Para o analista da Safras & Mercado, Rafael Silveira, apesar de alguma recuperação das cotações em determinadas regiões, o mercado físico continua com baixa movimentação.

Segundo ele, os negócios realizados são principalmente de curto prazo, envolvendo volumes menores e operações pontuais.

"A oferta segue limitada. O produtor continua comercializando aos poucos, tanto na safra atual quanto nos contratos da próxima temporada", avalia.

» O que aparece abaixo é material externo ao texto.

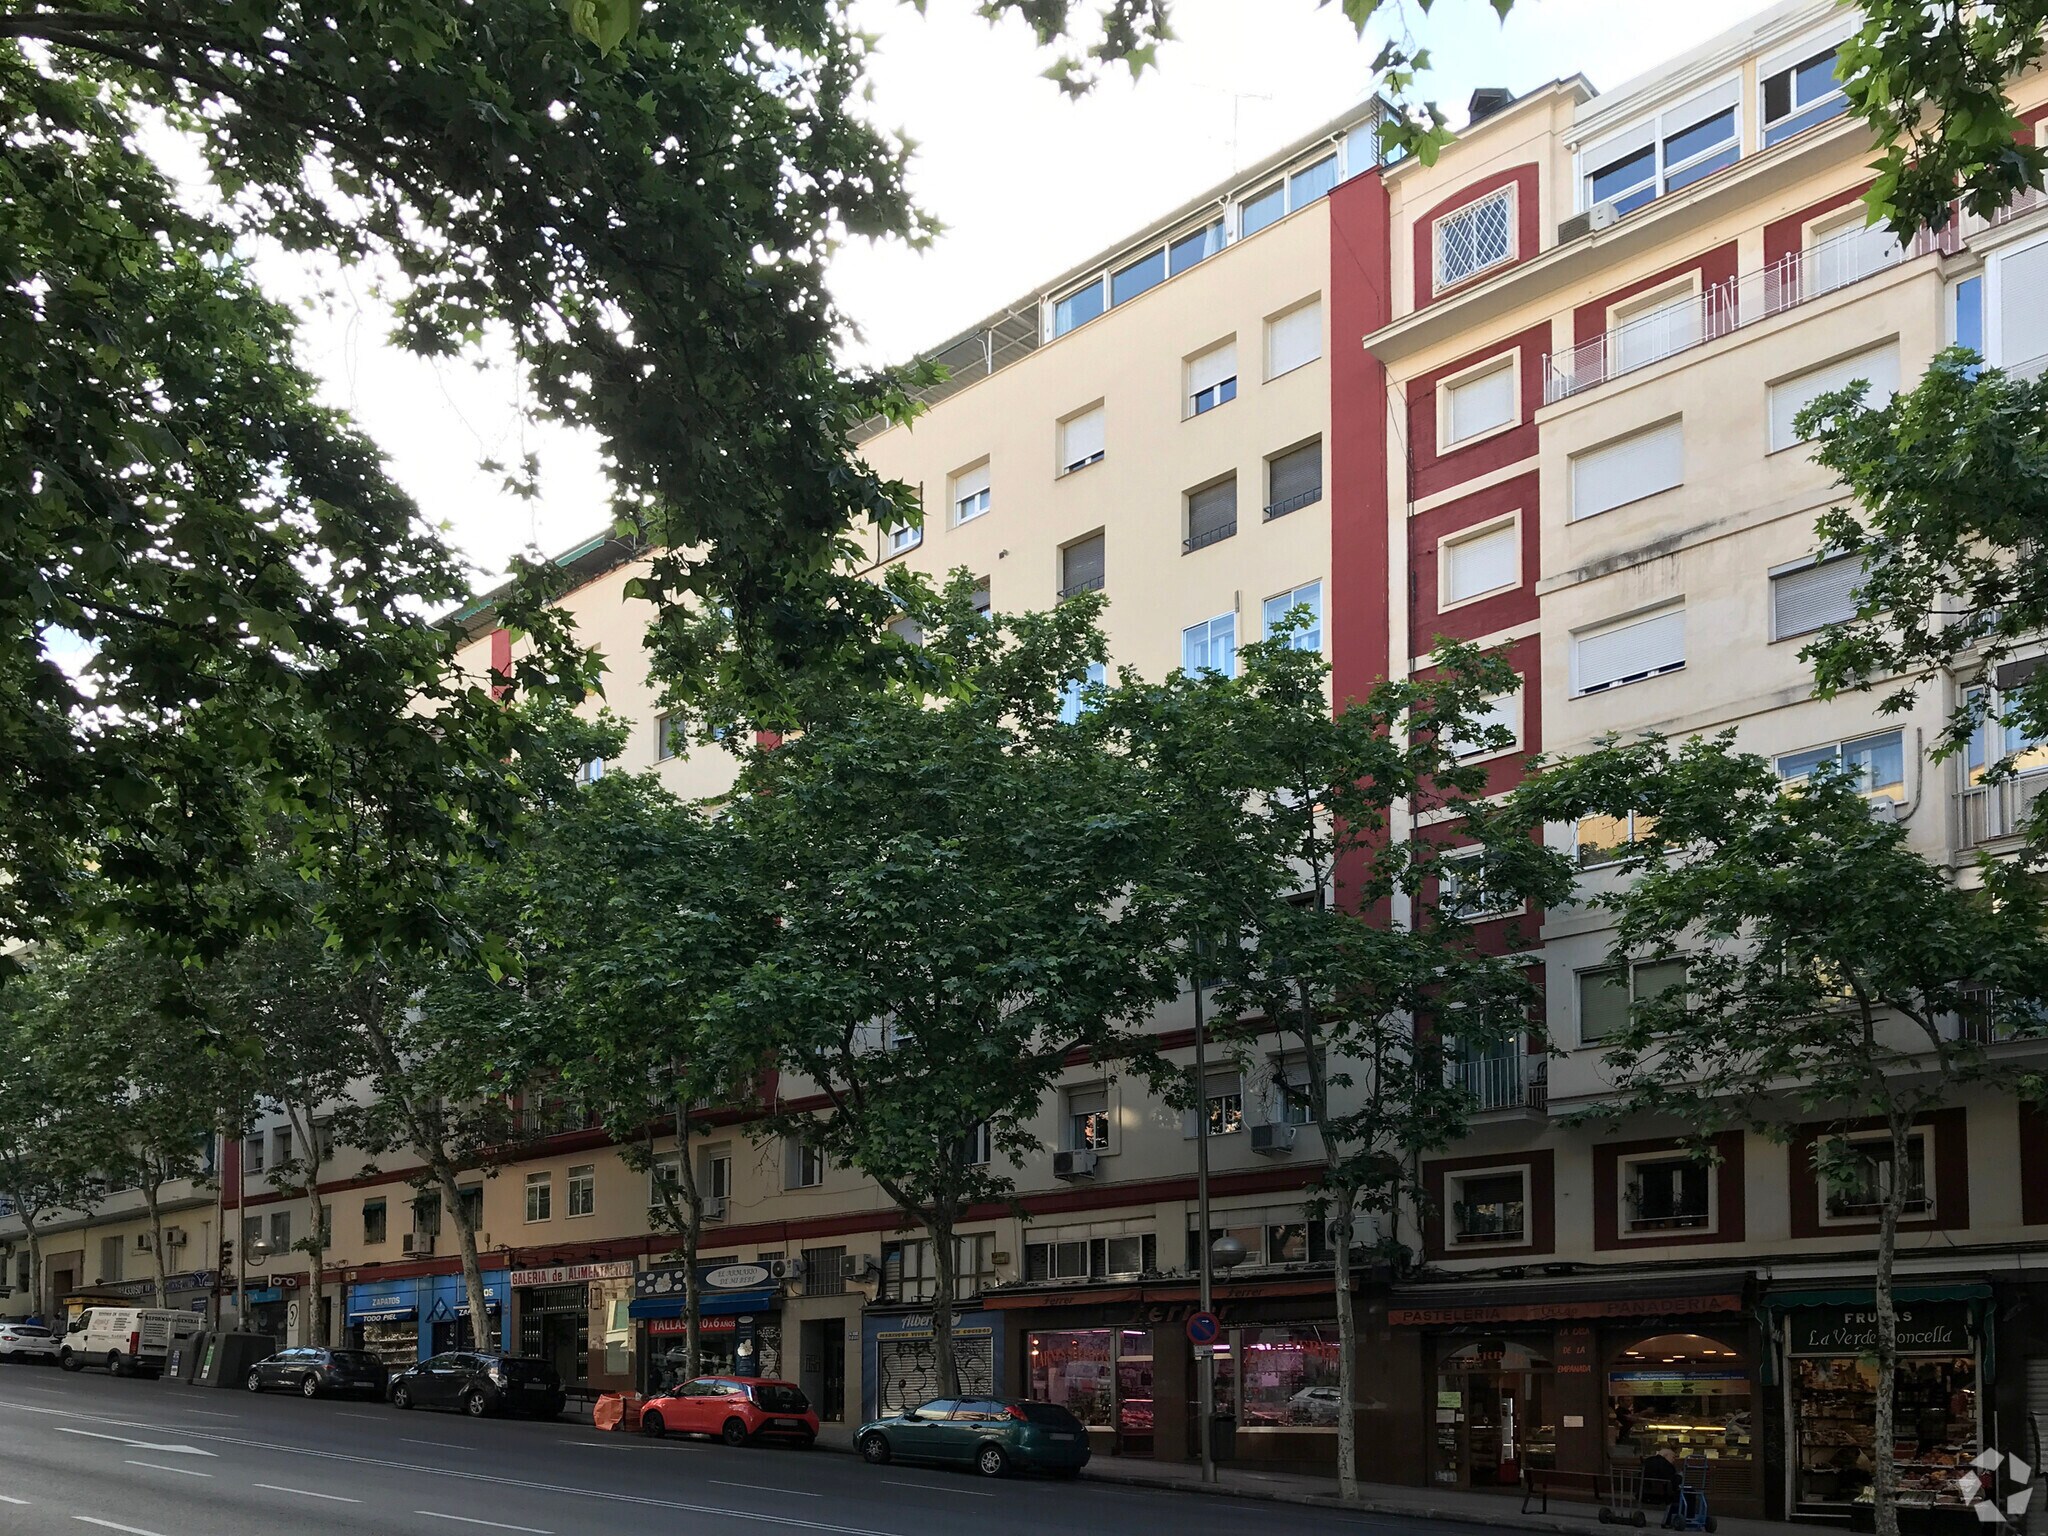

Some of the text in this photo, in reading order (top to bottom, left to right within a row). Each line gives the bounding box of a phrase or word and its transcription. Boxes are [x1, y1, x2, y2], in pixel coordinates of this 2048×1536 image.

[512, 1272, 547, 1285] GALERIA
[552, 1269, 562, 1282] de
[372, 1296, 401, 1307] ZAPATOS
[1403, 1308, 1500, 1321] PASTELERIA
[1844, 1311, 1913, 1324] FRUAS
[714, 1318, 720, 1328] 6
[1808, 1325, 1953, 1347] La Verde oncella
[1562, 1346, 1586, 1355] DE LA

No mercado físico, algumas referências apresentaram pequenas altas:

  • Passo Fundo (RS): R$ 142,50 por saca;
  • Santa Rosa (RS): R$ 143,50;
  • Cascavel (PR): R$ 137,00;
  • Rondonópolis (MT): R$ 131,00;
  • Dourados (MS): R$ 129,00;
  • Rio Verde (GO): R$ 132,00.

Nos portos, os valores permaneceram elevados:

  • Paranaguá (PR): R$ 148,00;
  • Rio Grande (RS): R$ 148,50.
Abiove projeta exportações recordes de soja em 2026

Mesmo com o ambiente internacional mais competitivo, o setor mantém perspectivas positivas para as exportações brasileiras.

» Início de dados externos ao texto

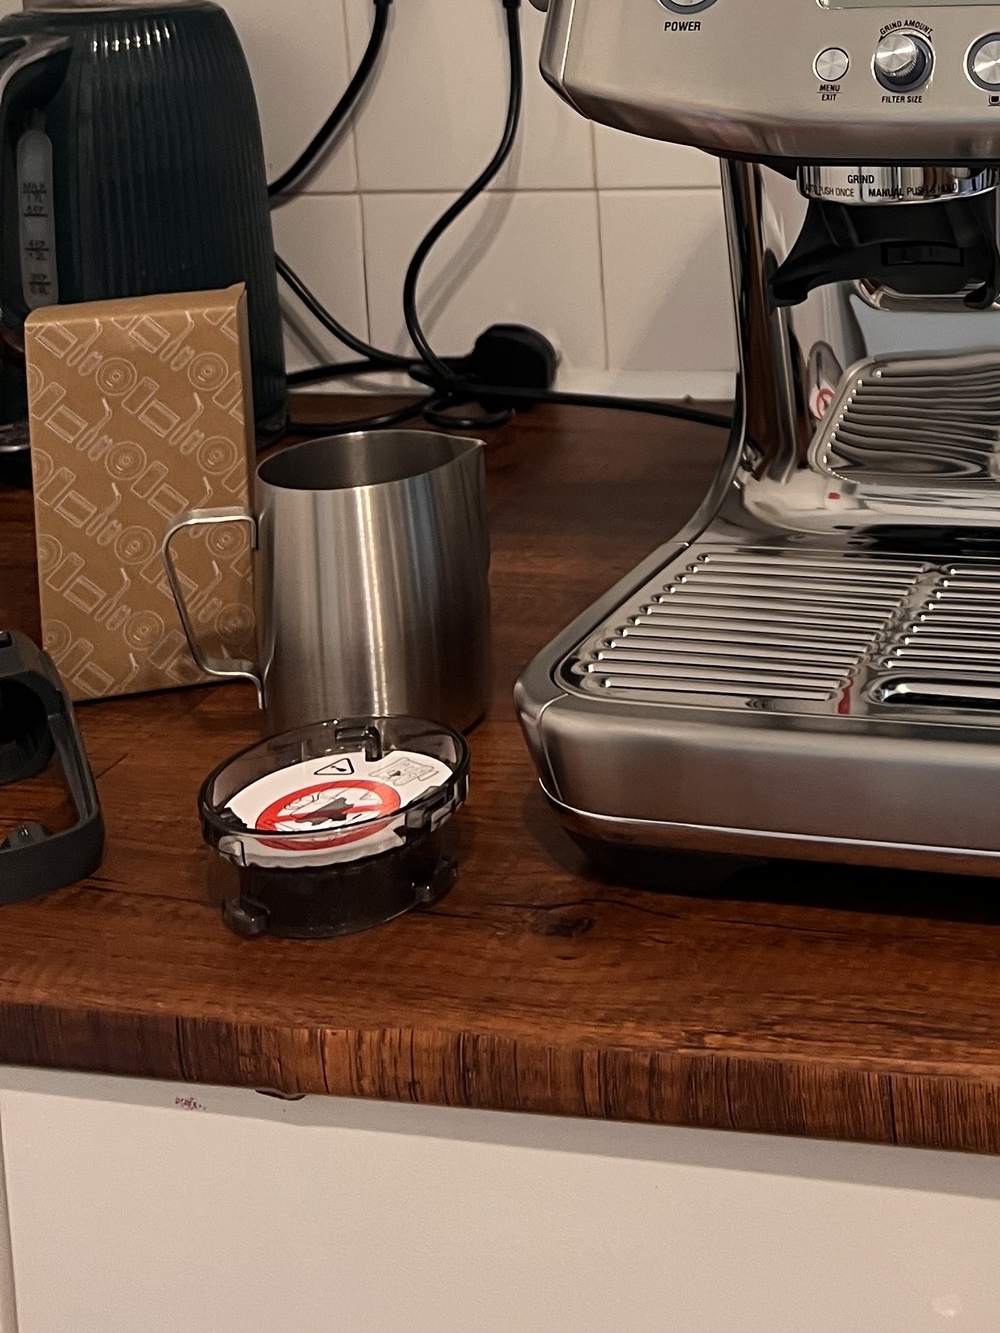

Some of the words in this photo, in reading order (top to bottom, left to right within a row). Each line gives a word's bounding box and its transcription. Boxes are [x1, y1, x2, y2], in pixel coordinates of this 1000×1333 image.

[664, 21, 702, 32] POWER
[880, 20, 902, 35] GRIND
[903, 19, 933, 34] AMOUNT
[819, 84, 841, 92] MENU
[821, 93, 838, 102] EXIT
[881, 95, 906, 104] FILTER
[906, 95, 923, 104] SIZE
[847, 174, 875, 184] GRIND
[836, 187, 855, 198] ONCE
[868, 186, 904, 198] MANUAL
[906, 184, 929, 196] PUSH

A Associação Brasileira das Indústrias de Óleos Vegetais (Abiove) elevou sua estimativa para os embarques de soja do Brasil em 2026 para 115,4 milhões de toneladas, novo recorde para o país.

A entidade também revisou para cima sua projeção para o processamento interno da oleaginosa.

No mercado asiático, a China anunciou um leilão de aproximadamente 500 mil toneladas de soja importada, movimento interpretado como uma estratégia para liberar espaço de armazenagem antes da chegada da nova safra norte-americana.

Dólar e petróleo influenciam mercado agrícola

O câmbio segue como um dos principais fatores acompanhados pelo mercado.

O dólar comercial operava próximo de R$ 5,12, com pouca variação, enquanto o cenário internacional continua influenciado por indicadores econômicos e decisões de política monetária.

O petróleo também registrou valorização expressiva, com o WTI para setembro negociado próximo de US$ 83,02 por barril, alta superior a 4%.

A movimentação do petróleo pode impactar custos de transporte e produção, especialmente em operações agrícolas dependentes de combustíveis.

Perspectiva para a soja brasileira

Apesar da produção elevada e das boas perspectivas para exportações, o mercado brasileiro de soja deve continuar apresentando ritmo moderado de negócios no curto prazo.

A combinação entre preços internacionais, câmbio, custos logísticos e comportamento da demanda externa será determinante para definir o avanço da comercialização.

Enquanto aguardam melhores oportunidades, produtores seguem priorizando gestão de risco, armazenamento estratégico e vendas escalonadas para preservar margens em um cenário de alta volatilidade.